> **PROBLEM TO SOLVE**: Every line from the line containing "this 1600×1170 image." to the end of the data must appear in the answer exactly as it appears there, and nothing else.

> **DATASET EXCERPTS**:
------------
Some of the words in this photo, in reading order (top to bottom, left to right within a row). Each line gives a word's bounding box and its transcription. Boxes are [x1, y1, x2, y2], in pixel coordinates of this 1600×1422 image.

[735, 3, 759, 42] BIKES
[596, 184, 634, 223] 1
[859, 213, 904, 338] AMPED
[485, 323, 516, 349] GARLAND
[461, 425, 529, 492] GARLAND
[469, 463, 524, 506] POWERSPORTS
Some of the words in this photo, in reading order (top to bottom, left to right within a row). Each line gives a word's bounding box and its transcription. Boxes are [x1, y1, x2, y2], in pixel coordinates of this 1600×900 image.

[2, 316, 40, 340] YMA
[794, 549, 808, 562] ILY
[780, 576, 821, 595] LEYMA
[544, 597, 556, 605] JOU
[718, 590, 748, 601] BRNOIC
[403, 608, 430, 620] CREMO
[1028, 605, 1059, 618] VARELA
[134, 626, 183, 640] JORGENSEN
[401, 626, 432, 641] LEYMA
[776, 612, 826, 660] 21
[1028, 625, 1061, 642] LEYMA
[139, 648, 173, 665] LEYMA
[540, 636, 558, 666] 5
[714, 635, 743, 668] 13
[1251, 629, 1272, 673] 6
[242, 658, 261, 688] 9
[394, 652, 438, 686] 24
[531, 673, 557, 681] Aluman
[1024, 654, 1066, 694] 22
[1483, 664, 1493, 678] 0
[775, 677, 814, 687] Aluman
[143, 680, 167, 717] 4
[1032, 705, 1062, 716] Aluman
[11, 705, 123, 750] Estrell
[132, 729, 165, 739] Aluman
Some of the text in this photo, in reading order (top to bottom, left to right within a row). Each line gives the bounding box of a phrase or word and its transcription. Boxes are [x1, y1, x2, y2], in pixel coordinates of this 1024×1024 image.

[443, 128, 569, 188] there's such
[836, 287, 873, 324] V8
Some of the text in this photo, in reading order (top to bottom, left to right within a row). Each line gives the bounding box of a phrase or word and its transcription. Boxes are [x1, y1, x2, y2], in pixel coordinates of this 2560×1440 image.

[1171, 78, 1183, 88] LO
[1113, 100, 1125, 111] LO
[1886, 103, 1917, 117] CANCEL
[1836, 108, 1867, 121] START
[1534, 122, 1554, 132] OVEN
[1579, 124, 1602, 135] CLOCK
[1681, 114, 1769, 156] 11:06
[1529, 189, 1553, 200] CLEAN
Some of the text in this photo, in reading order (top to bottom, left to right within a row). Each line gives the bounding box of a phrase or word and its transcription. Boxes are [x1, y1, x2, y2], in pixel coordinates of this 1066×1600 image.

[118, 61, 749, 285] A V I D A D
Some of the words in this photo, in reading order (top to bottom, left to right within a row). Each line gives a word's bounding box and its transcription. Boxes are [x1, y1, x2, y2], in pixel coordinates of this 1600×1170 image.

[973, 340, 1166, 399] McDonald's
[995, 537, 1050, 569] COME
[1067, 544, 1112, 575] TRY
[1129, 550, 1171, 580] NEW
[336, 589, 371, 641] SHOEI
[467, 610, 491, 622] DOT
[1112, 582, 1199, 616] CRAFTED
------------
> **THE COMPLETED TASK**:
Some of the words in this photo, in reading order (top to bottom, left to right within a row). Each line gives a word's bounding box and its transcription. Boxes are [x1, y1, x2, y2], in pixel coordinates of this 1600×1170 image.

[973, 340, 1166, 399] McDonald's
[995, 537, 1050, 569] COME
[1067, 544, 1112, 575] TRY
[1129, 550, 1171, 580] NEW
[336, 589, 371, 641] SHOEI
[467, 610, 491, 622] DOT
[1112, 582, 1199, 616] CRAFTED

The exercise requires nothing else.